__Problem description__
Give the entries back exactly, dropping each image.

──────── Records provided ────────

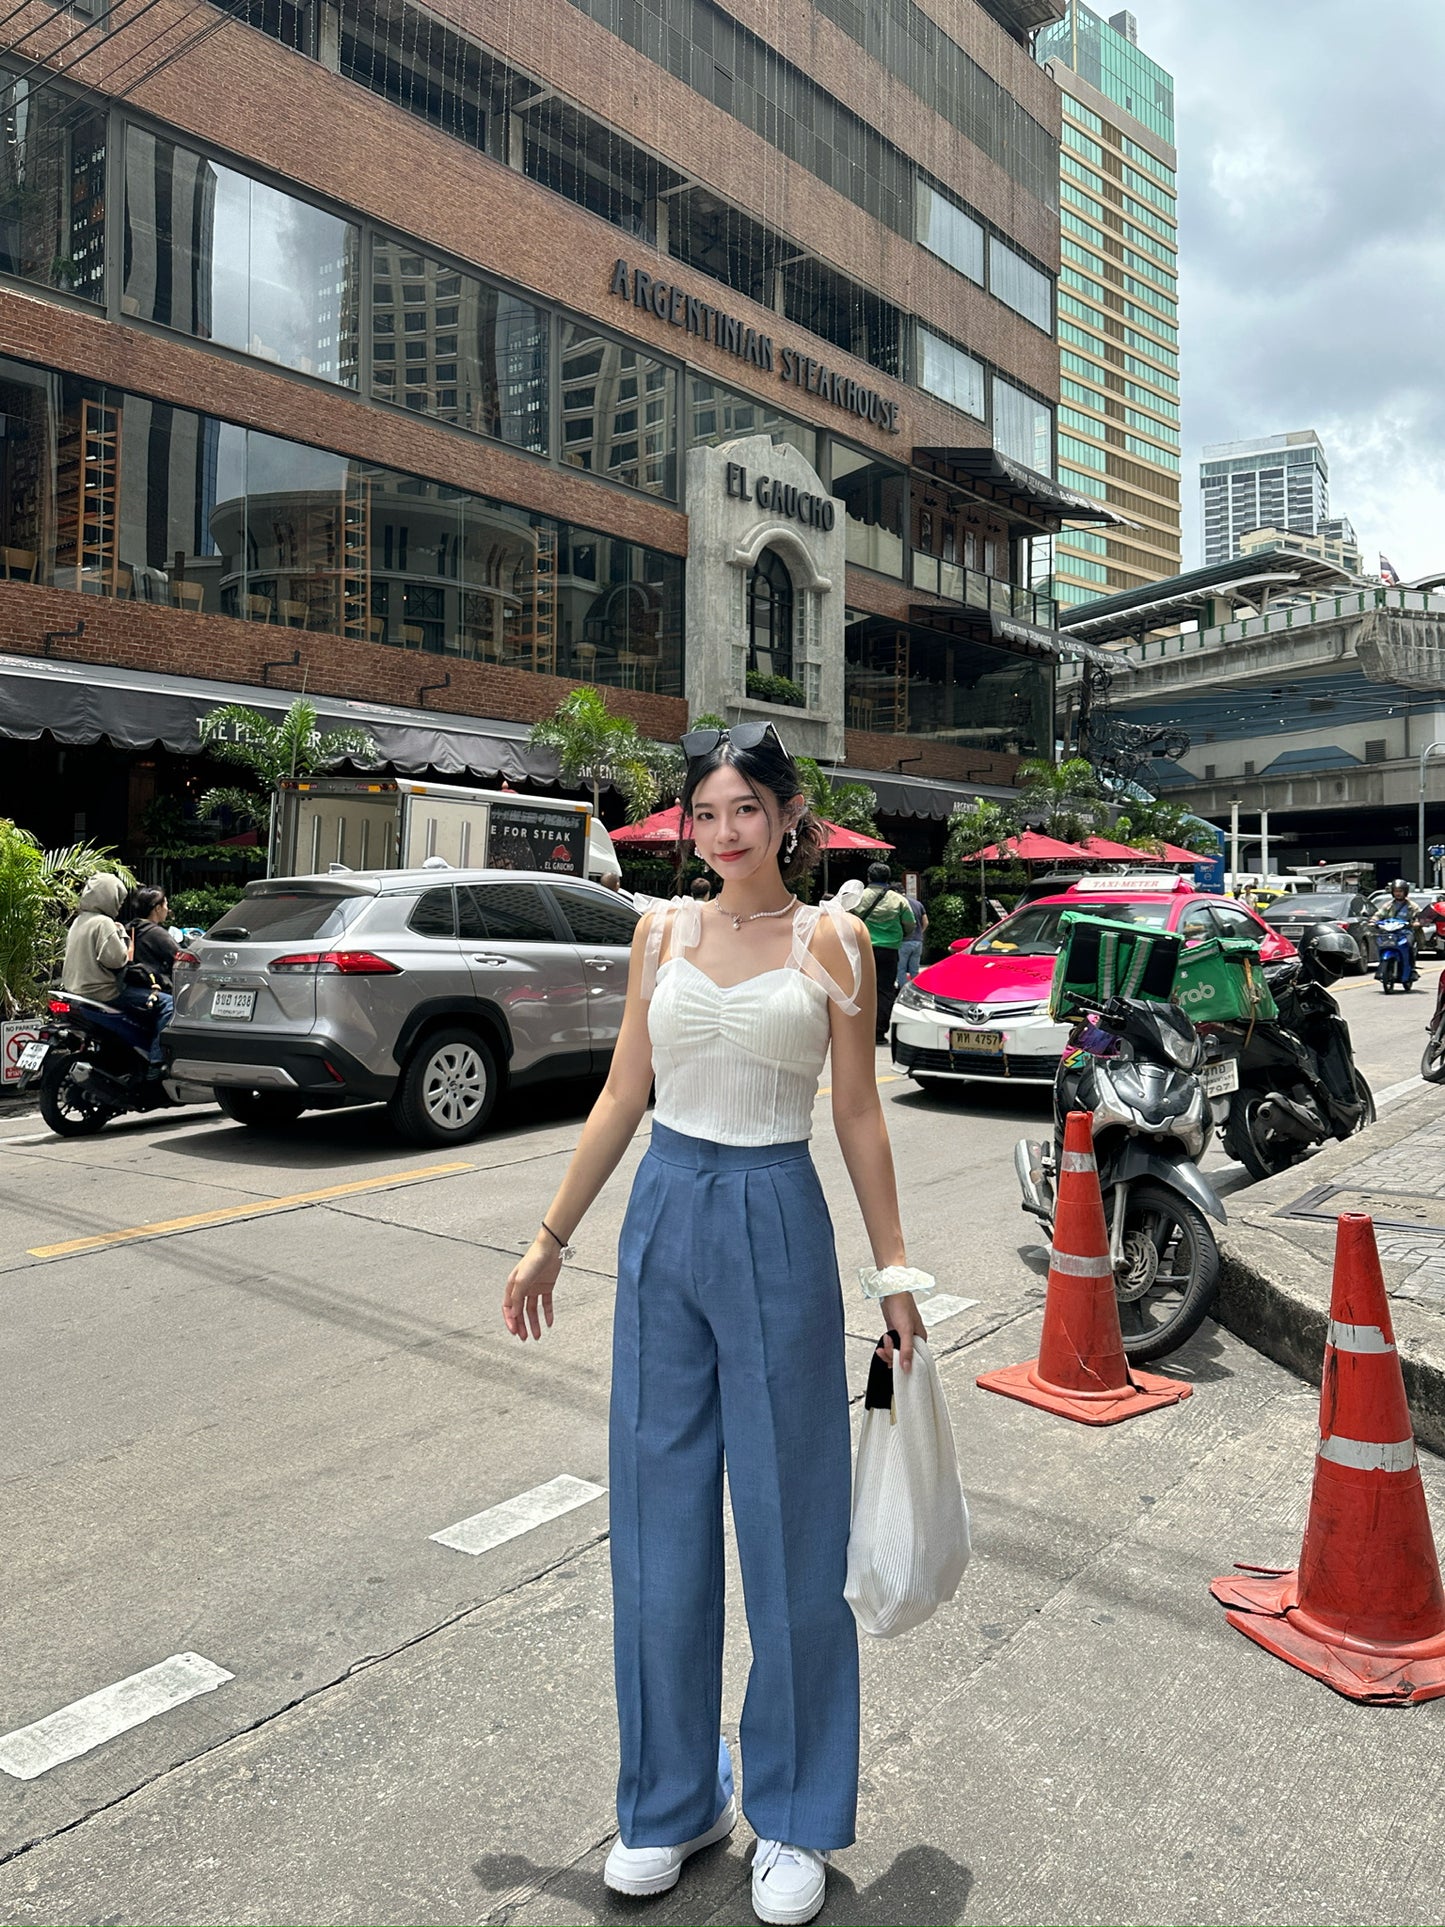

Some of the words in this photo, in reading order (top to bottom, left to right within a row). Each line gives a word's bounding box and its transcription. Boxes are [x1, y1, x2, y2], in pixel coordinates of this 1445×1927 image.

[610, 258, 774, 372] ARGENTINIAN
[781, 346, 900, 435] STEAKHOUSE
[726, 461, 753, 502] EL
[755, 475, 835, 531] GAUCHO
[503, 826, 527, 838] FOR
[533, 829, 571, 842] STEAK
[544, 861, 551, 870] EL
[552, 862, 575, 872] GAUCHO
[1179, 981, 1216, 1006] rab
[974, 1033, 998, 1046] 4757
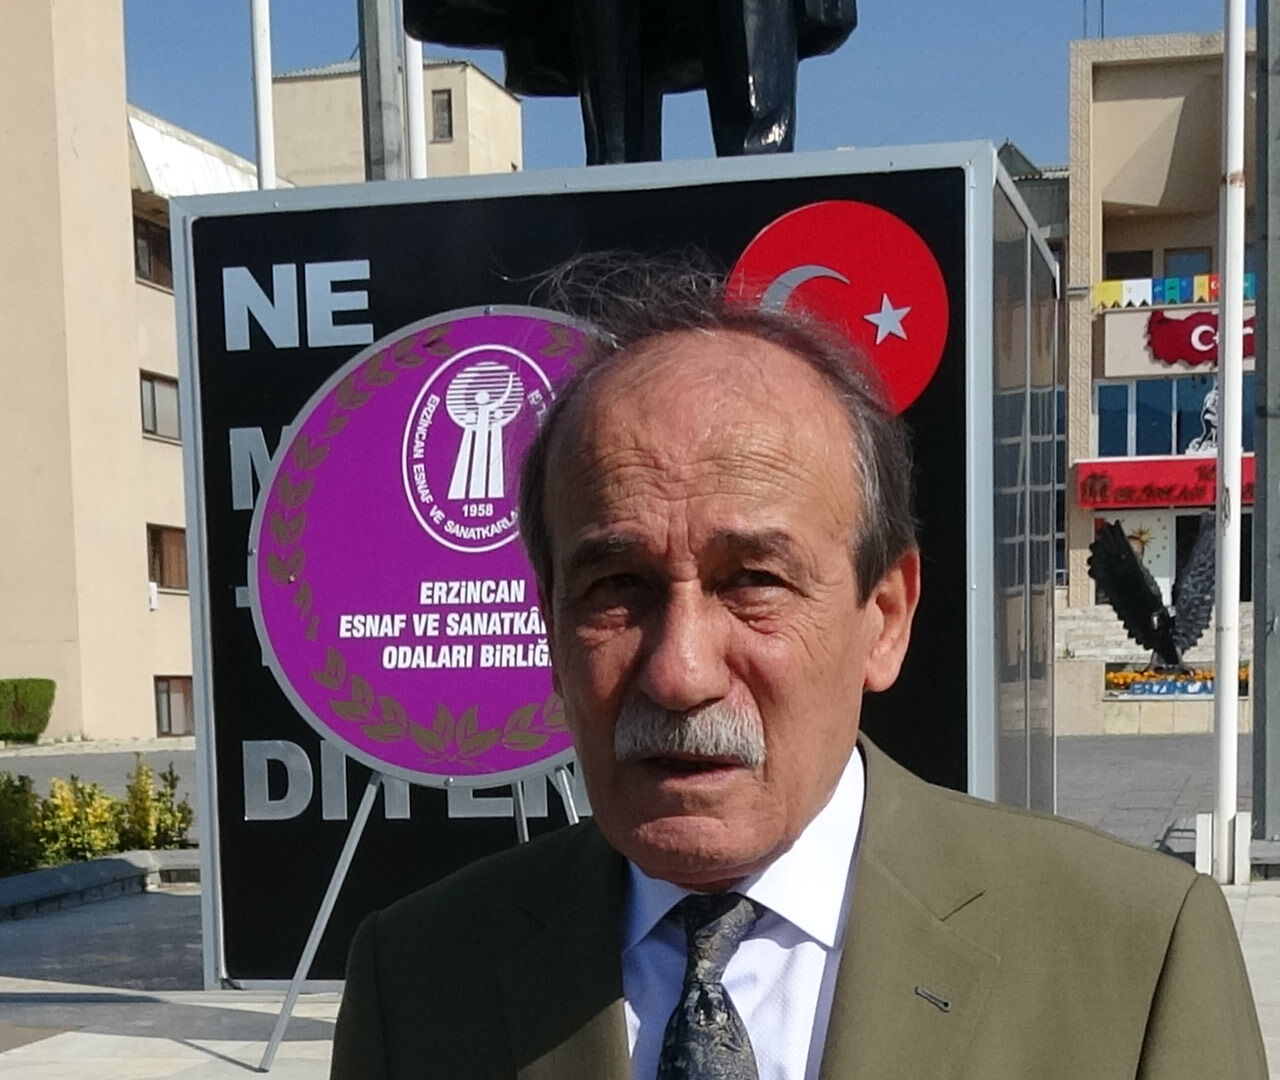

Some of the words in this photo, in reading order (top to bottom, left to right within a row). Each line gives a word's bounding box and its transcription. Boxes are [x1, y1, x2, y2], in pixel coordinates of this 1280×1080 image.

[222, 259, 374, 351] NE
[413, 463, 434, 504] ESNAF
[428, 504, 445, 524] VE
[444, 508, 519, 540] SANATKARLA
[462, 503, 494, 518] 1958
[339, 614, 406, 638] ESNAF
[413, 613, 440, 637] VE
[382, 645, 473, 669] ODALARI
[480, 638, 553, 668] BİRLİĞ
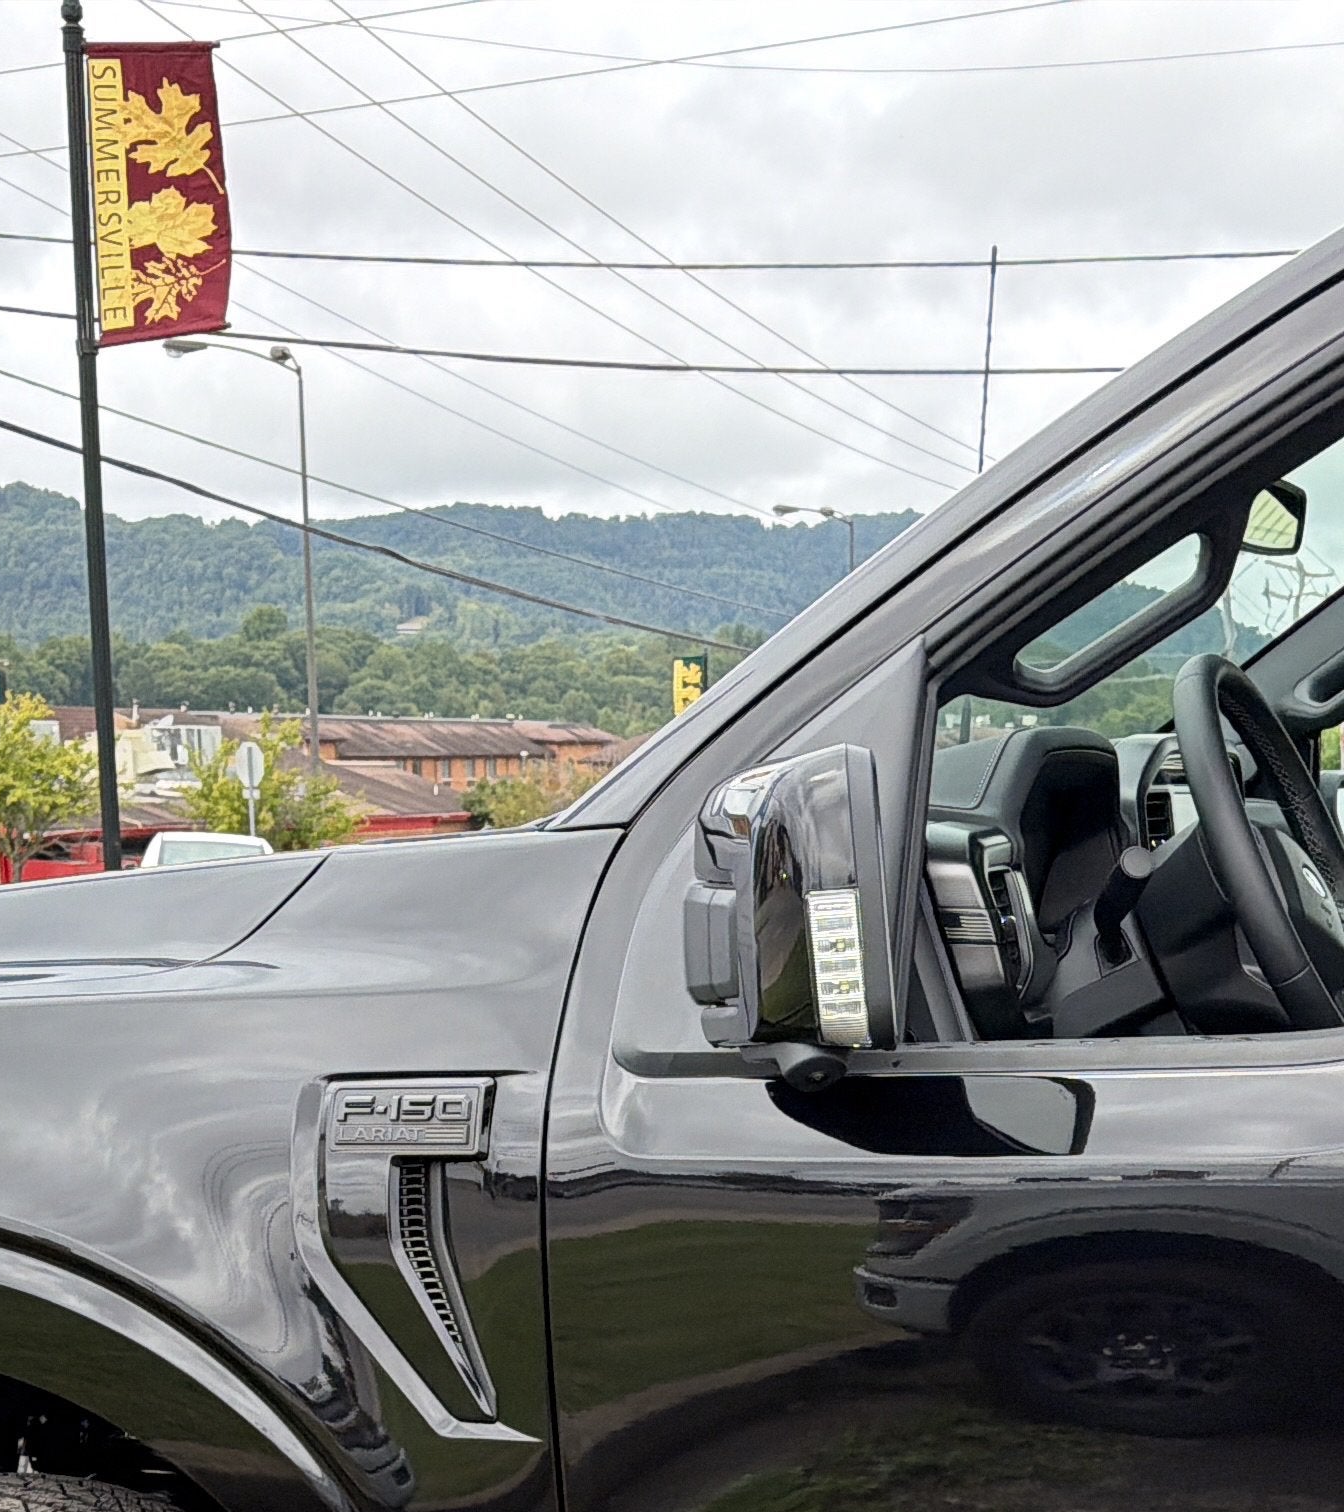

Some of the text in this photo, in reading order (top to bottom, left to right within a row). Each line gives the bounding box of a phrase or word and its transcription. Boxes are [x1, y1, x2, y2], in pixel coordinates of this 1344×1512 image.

────────

__The completed task__
Some of the words in this photo, in reading order (top to bottom, left to right within a row). Each line gives a word's bounding box and its transcription. Boxes are [x1, y1, x2, y2], in pixel coordinates of this 1445×1927 image.

[610, 258, 774, 372] ARGENTINIAN
[781, 346, 900, 435] STEAKHOUSE
[726, 461, 753, 502] EL
[755, 475, 835, 531] GAUCHO
[503, 826, 527, 838] FOR
[533, 829, 571, 842] STEAK
[544, 861, 551, 870] EL
[552, 862, 575, 872] GAUCHO
[1179, 981, 1216, 1006] rab
[974, 1033, 998, 1046] 4757

Some of the words in this photo, in reading order (top to bottom, left to right within a row). Each line gives a word's bounding box and its transcription. Boxes are [x1, y1, x2, y2], in pixel coordinates of this 1280×1080 image.

[222, 259, 374, 351] NE
[413, 463, 434, 504] ESNAF
[428, 504, 445, 524] VE
[444, 508, 519, 540] SANATKARLA
[462, 503, 494, 518] 1958
[339, 614, 406, 638] ESNAF
[413, 613, 440, 637] VE
[382, 645, 473, 669] ODALARI
[480, 638, 553, 668] BİRLİĞ

Some of the text in this photo, in reading order (top to bottom, left to right within a row). Each line gives the bounding box of a phrase or word and its transcription. Boxes are [x1, y1, x2, y2], in pixel coordinates of this 1344×1512 image.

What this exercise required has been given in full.